- Assigned task
What you give back must match the records below exactly, apart from the pictures, which are omitted.
--------------------
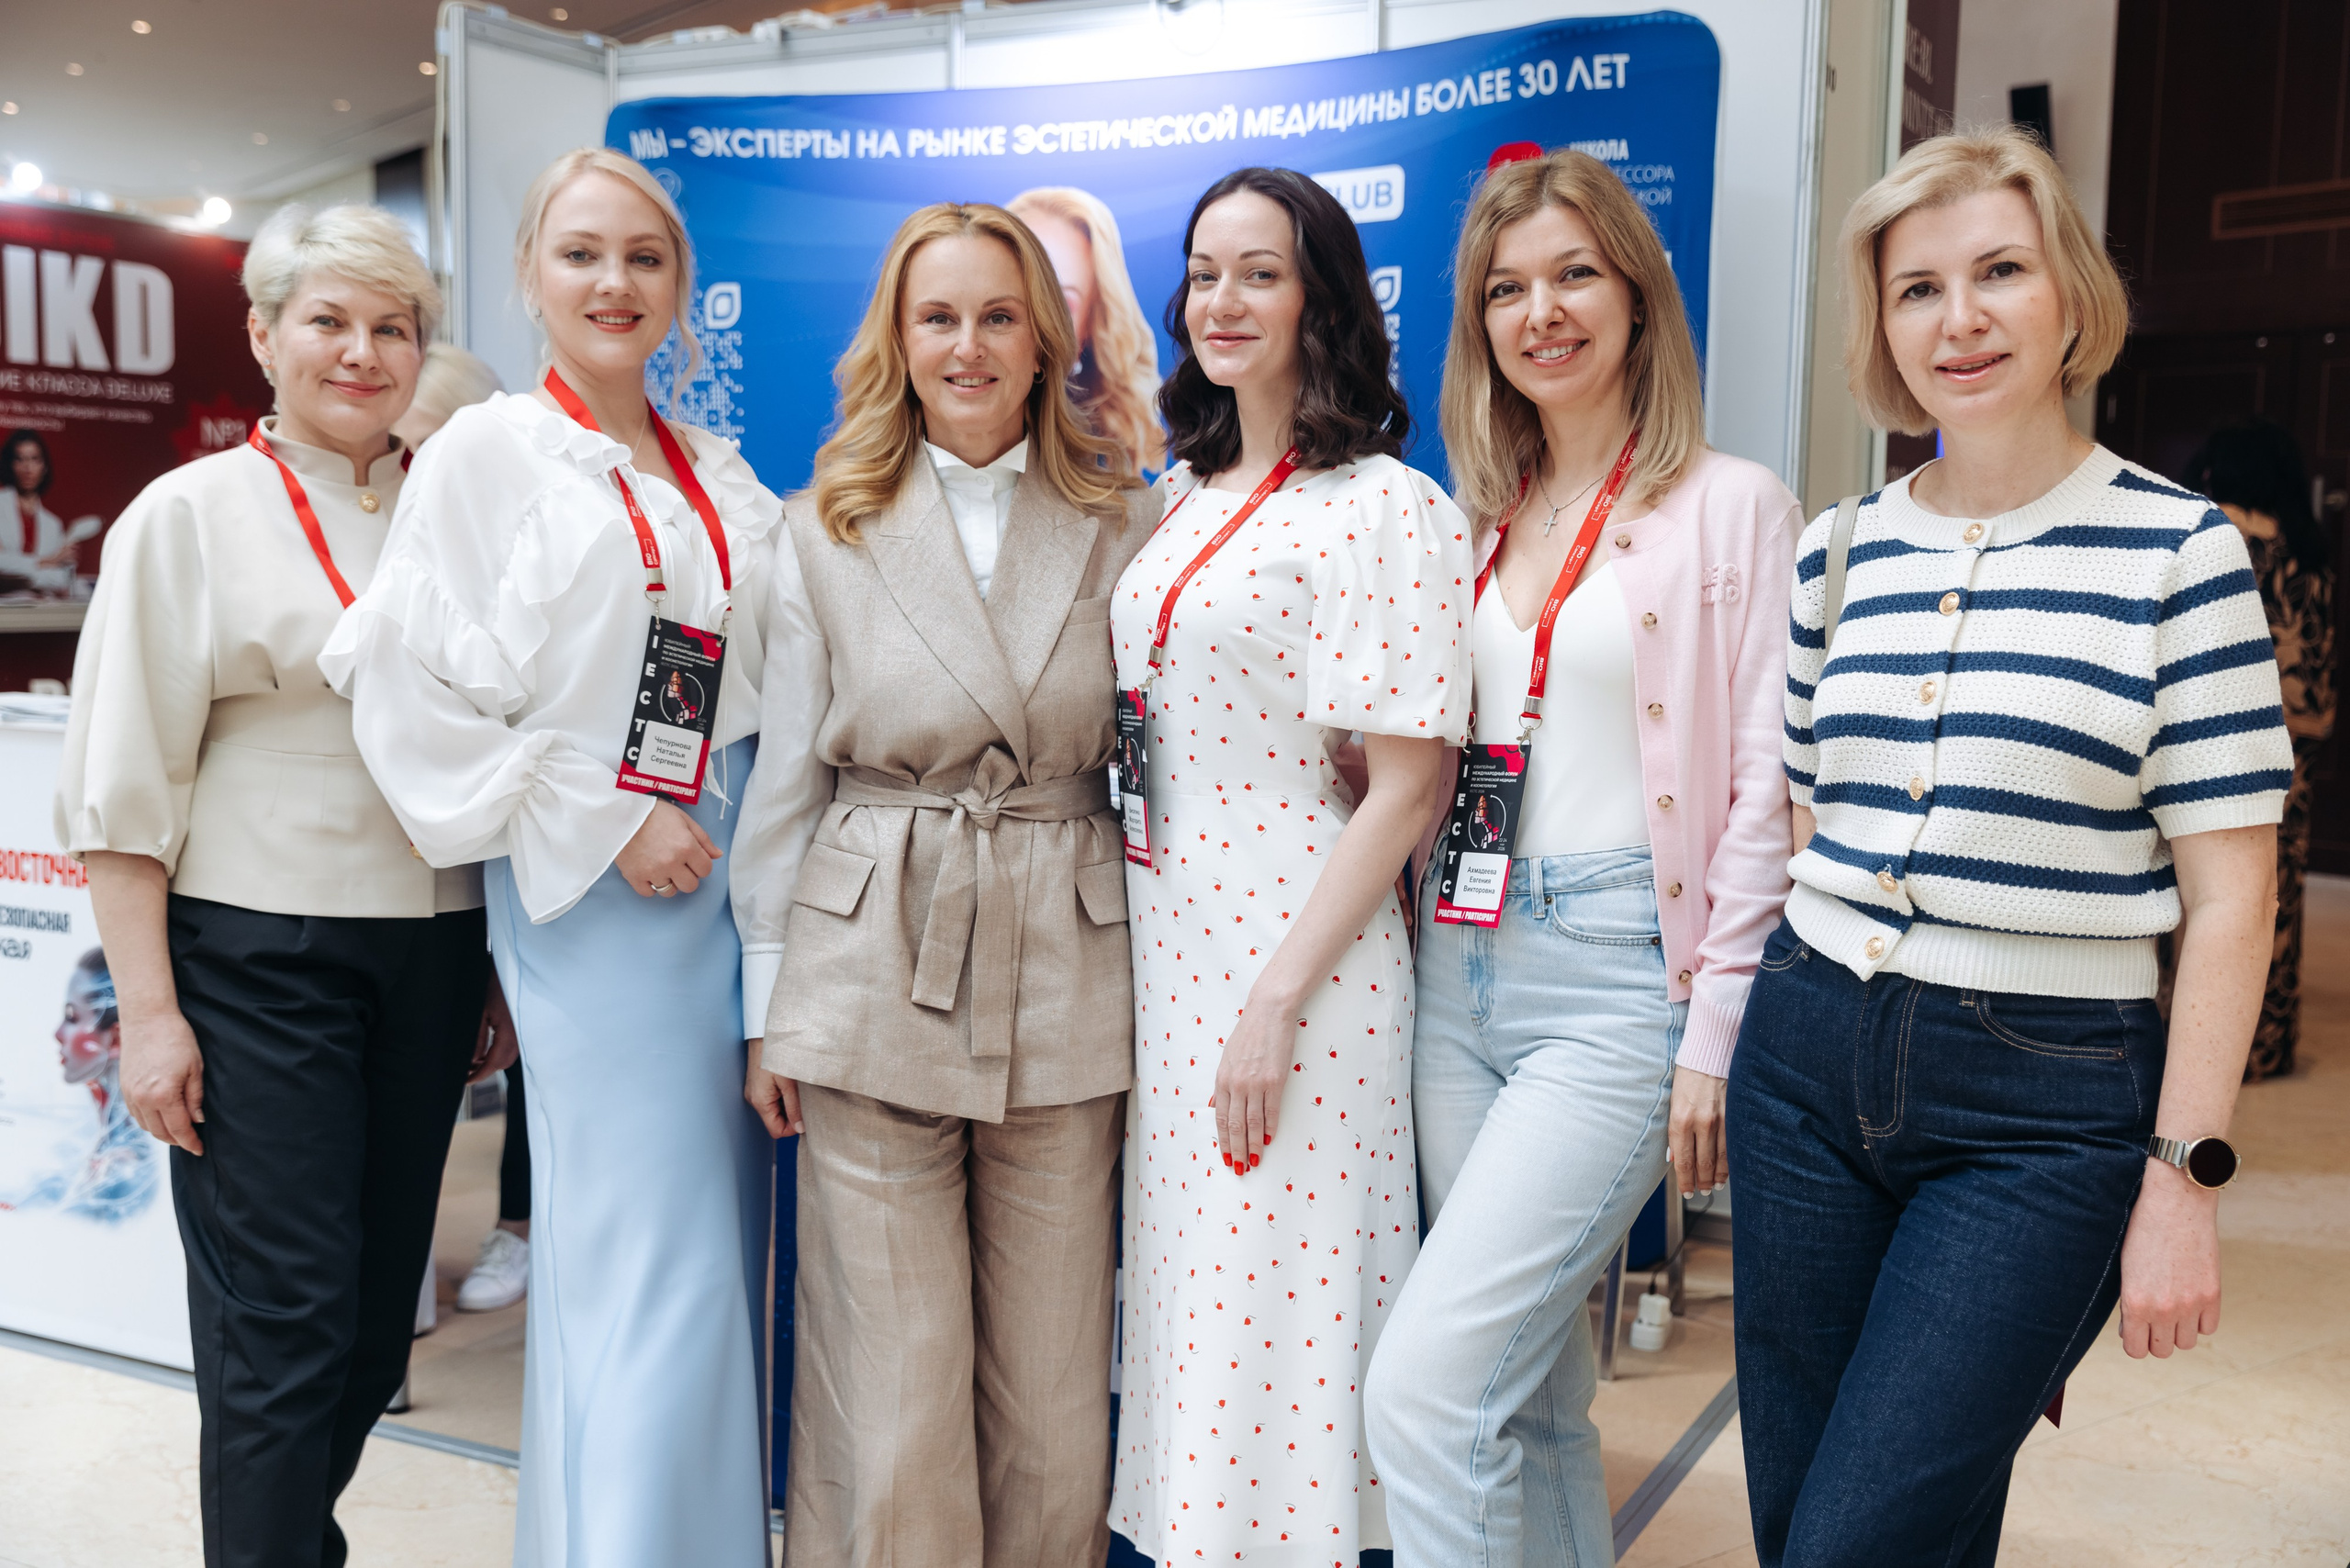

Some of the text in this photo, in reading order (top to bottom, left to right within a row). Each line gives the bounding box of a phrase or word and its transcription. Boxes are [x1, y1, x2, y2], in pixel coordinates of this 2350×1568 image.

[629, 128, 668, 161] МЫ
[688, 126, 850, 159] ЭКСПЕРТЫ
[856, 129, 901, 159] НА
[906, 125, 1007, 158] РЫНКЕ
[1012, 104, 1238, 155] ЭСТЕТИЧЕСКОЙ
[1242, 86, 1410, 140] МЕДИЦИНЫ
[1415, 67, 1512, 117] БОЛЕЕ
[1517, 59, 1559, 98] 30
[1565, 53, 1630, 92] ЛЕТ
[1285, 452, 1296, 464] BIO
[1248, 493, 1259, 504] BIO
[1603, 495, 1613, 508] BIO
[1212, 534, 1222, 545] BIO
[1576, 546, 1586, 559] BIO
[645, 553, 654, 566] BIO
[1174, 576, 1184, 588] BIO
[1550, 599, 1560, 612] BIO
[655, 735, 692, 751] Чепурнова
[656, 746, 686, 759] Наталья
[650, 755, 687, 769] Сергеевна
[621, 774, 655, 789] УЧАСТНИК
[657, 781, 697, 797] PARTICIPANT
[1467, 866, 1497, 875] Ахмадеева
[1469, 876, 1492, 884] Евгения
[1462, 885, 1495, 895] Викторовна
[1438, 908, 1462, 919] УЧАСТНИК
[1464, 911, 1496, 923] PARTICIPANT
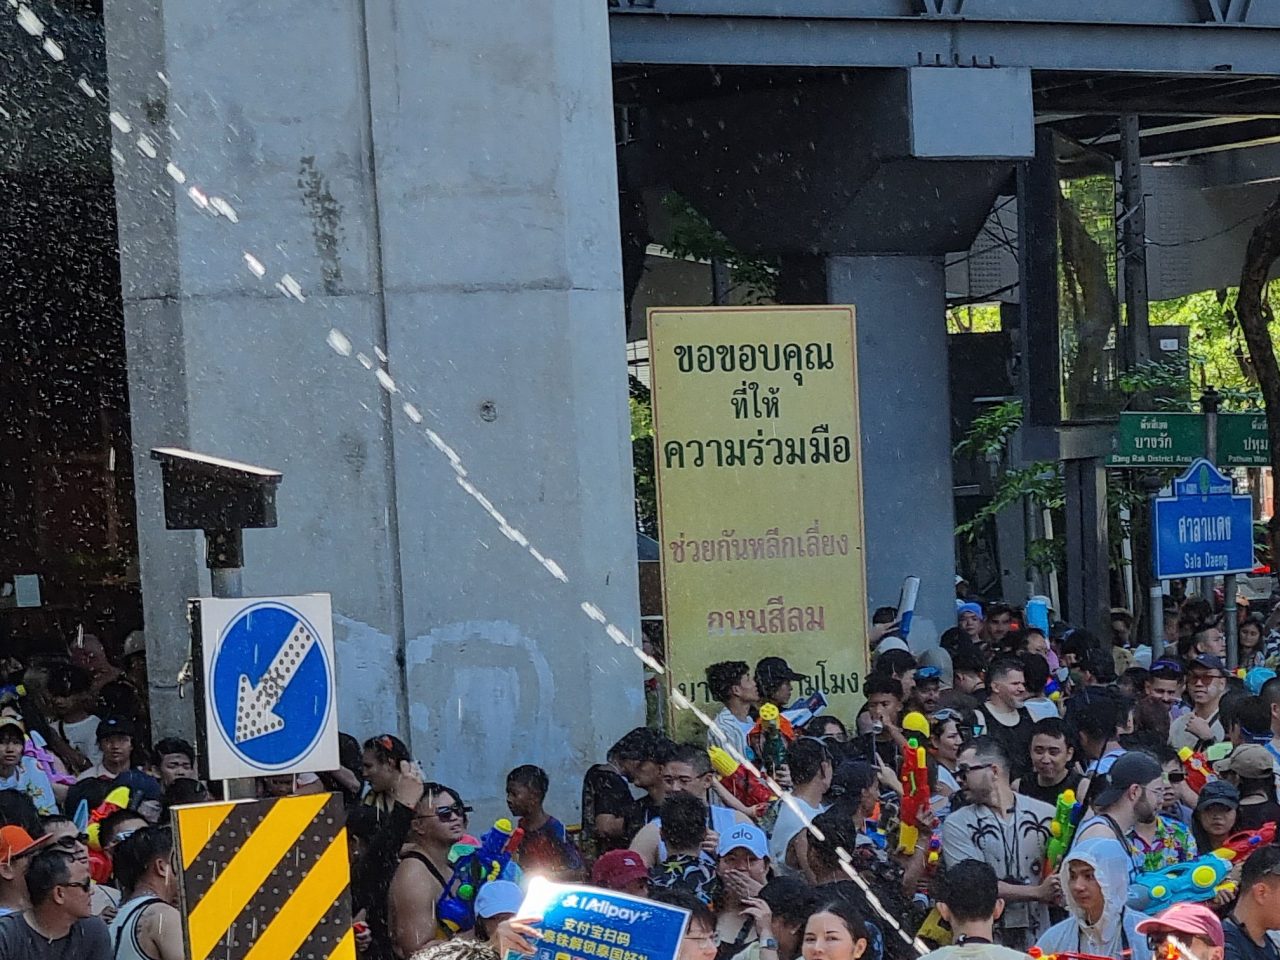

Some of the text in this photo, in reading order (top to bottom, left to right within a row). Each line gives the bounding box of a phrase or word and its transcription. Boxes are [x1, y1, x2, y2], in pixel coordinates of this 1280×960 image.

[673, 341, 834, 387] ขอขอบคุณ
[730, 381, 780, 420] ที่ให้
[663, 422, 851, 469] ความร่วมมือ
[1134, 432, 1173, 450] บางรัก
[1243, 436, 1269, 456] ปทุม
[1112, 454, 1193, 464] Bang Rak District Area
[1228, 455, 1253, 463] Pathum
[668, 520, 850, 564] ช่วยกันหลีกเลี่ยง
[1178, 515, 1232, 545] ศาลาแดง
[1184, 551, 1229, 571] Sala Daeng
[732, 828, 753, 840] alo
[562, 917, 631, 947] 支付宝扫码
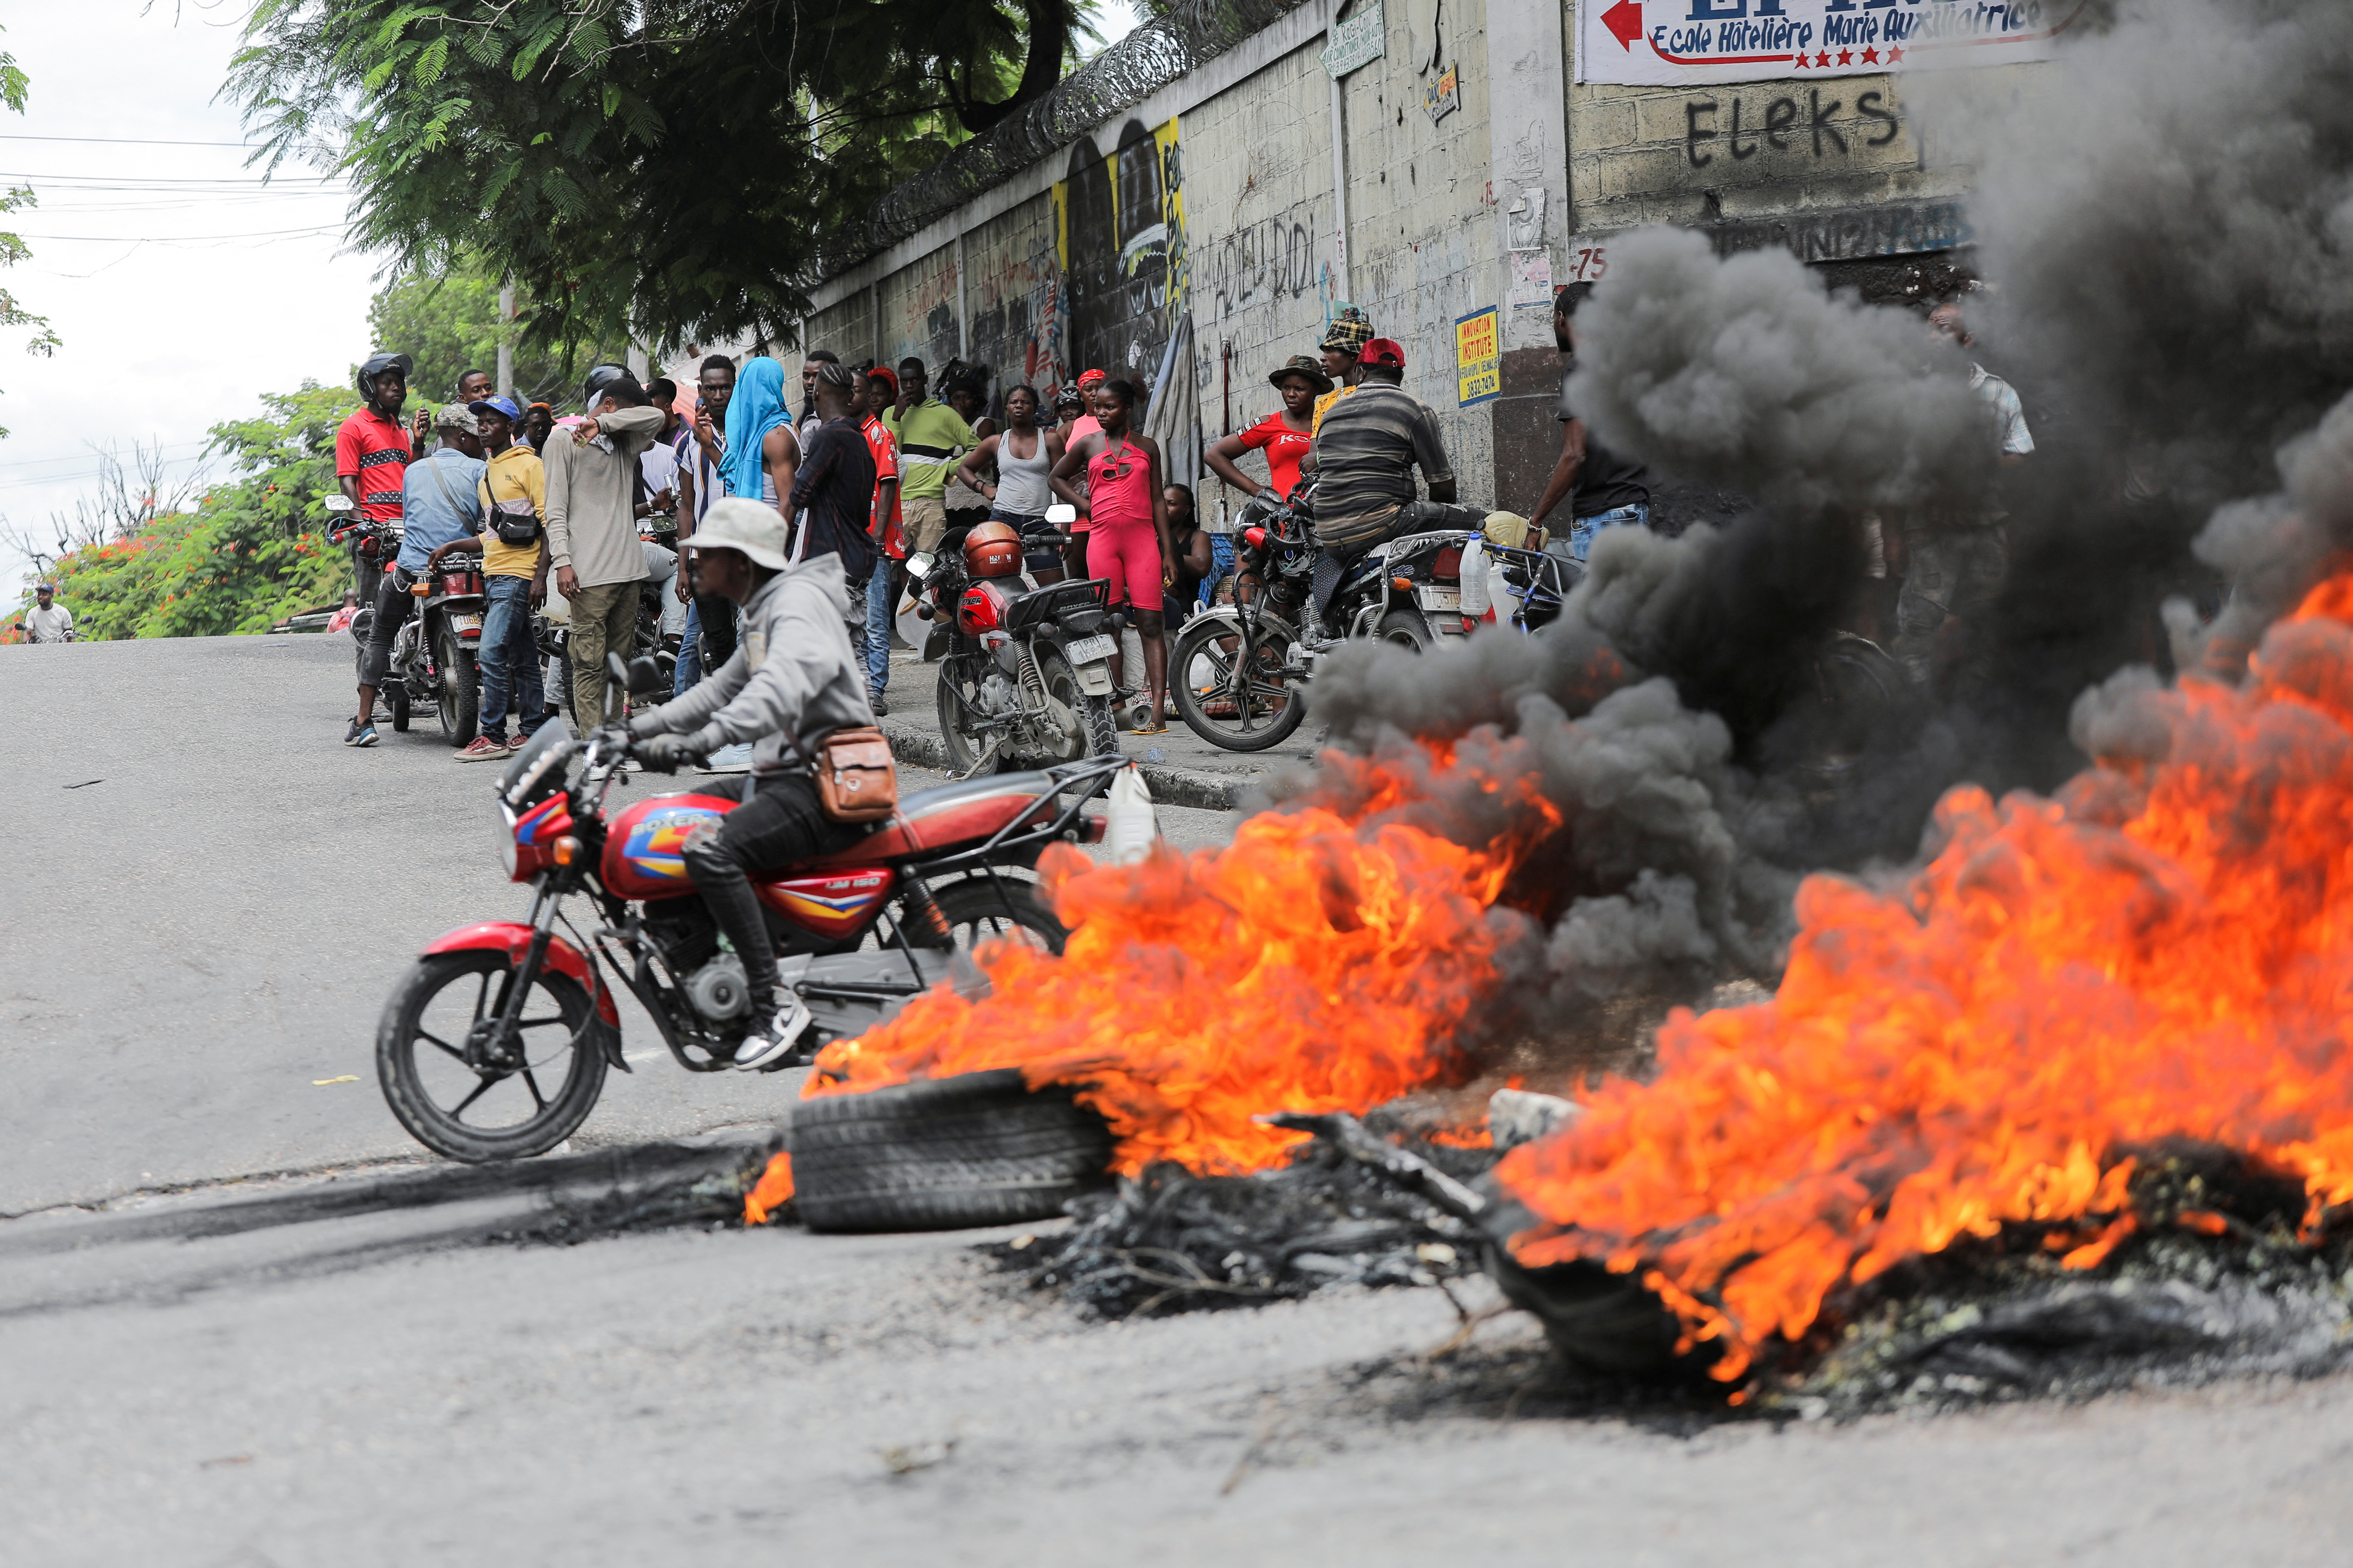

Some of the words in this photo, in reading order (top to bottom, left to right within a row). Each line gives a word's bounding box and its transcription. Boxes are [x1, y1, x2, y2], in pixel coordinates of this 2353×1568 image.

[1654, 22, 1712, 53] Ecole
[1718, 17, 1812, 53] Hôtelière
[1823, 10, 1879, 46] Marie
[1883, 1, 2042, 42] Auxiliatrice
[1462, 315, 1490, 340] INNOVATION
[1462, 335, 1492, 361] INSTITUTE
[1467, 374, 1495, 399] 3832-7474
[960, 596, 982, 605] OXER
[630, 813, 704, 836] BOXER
--------------------
- Written answer
Some of the text in this photo, in reading order (top to bottom, left to right within a row). Each line gives the bounding box of a phrase or word and its transcription. Boxes are [x1, y1, x2, y2], in pixel coordinates of this 2350×1568 image.

[629, 128, 668, 161] МЫ
[688, 126, 850, 159] ЭКСПЕРТЫ
[856, 129, 901, 159] НА
[906, 125, 1007, 158] РЫНКЕ
[1012, 104, 1238, 155] ЭСТЕТИЧЕСКОЙ
[1242, 86, 1410, 140] МЕДИЦИНЫ
[1415, 67, 1512, 117] БОЛЕЕ
[1517, 59, 1559, 98] 30
[1565, 53, 1630, 92] ЛЕТ
[1285, 452, 1296, 464] BIO
[1248, 493, 1259, 504] BIO
[1603, 495, 1613, 508] BIO
[1212, 534, 1222, 545] BIO
[1576, 546, 1586, 559] BIO
[645, 553, 654, 566] BIO
[1174, 576, 1184, 588] BIO
[1550, 599, 1560, 612] BIO
[655, 735, 692, 751] Чепурнова
[656, 746, 686, 759] Наталья
[650, 755, 687, 769] Сергеевна
[621, 774, 655, 789] УЧАСТНИК
[657, 781, 697, 797] PARTICIPANT
[1467, 866, 1497, 875] Ахмадеева
[1469, 876, 1492, 884] Евгения
[1462, 885, 1495, 895] Викторовна
[1438, 908, 1462, 919] УЧАСТНИК
[1464, 911, 1496, 923] PARTICIPANT

Some of the text in this photo, in reading order (top to bottom, left to right within a row). Each line gives the bounding box of a phrase or word and its transcription. Boxes are [x1, y1, x2, y2], in pixel coordinates of this 1280×960 image.

[673, 341, 834, 387] ขอขอบคุณ
[730, 381, 780, 420] ที่ให้
[663, 422, 851, 469] ความร่วมมือ
[1134, 432, 1173, 450] บางรัก
[1243, 436, 1269, 456] ปทุม
[1112, 454, 1193, 464] Bang Rak District Area
[1228, 455, 1253, 463] Pathum
[668, 520, 850, 564] ช่วยกันหลีกเลี่ยง
[1178, 515, 1232, 545] ศาลาแดง
[1184, 551, 1229, 571] Sala Daeng
[732, 828, 753, 840] alo
[562, 917, 631, 947] 支付宝扫码

Some of the words in this photo, in reading order (top to bottom, left to right within a row). Each line gives a word's bounding box and its transcription. Boxes are [x1, y1, x2, y2], in pixel coordinates of this 2353×1568 image.

[1654, 22, 1712, 53] Ecole
[1718, 17, 1812, 53] Hôtelière
[1823, 10, 1879, 46] Marie
[1883, 1, 2042, 42] Auxiliatrice
[1462, 315, 1490, 340] INNOVATION
[1462, 335, 1492, 361] INSTITUTE
[1467, 374, 1495, 399] 3832-7474
[960, 596, 982, 605] OXER
[630, 813, 704, 836] BOXER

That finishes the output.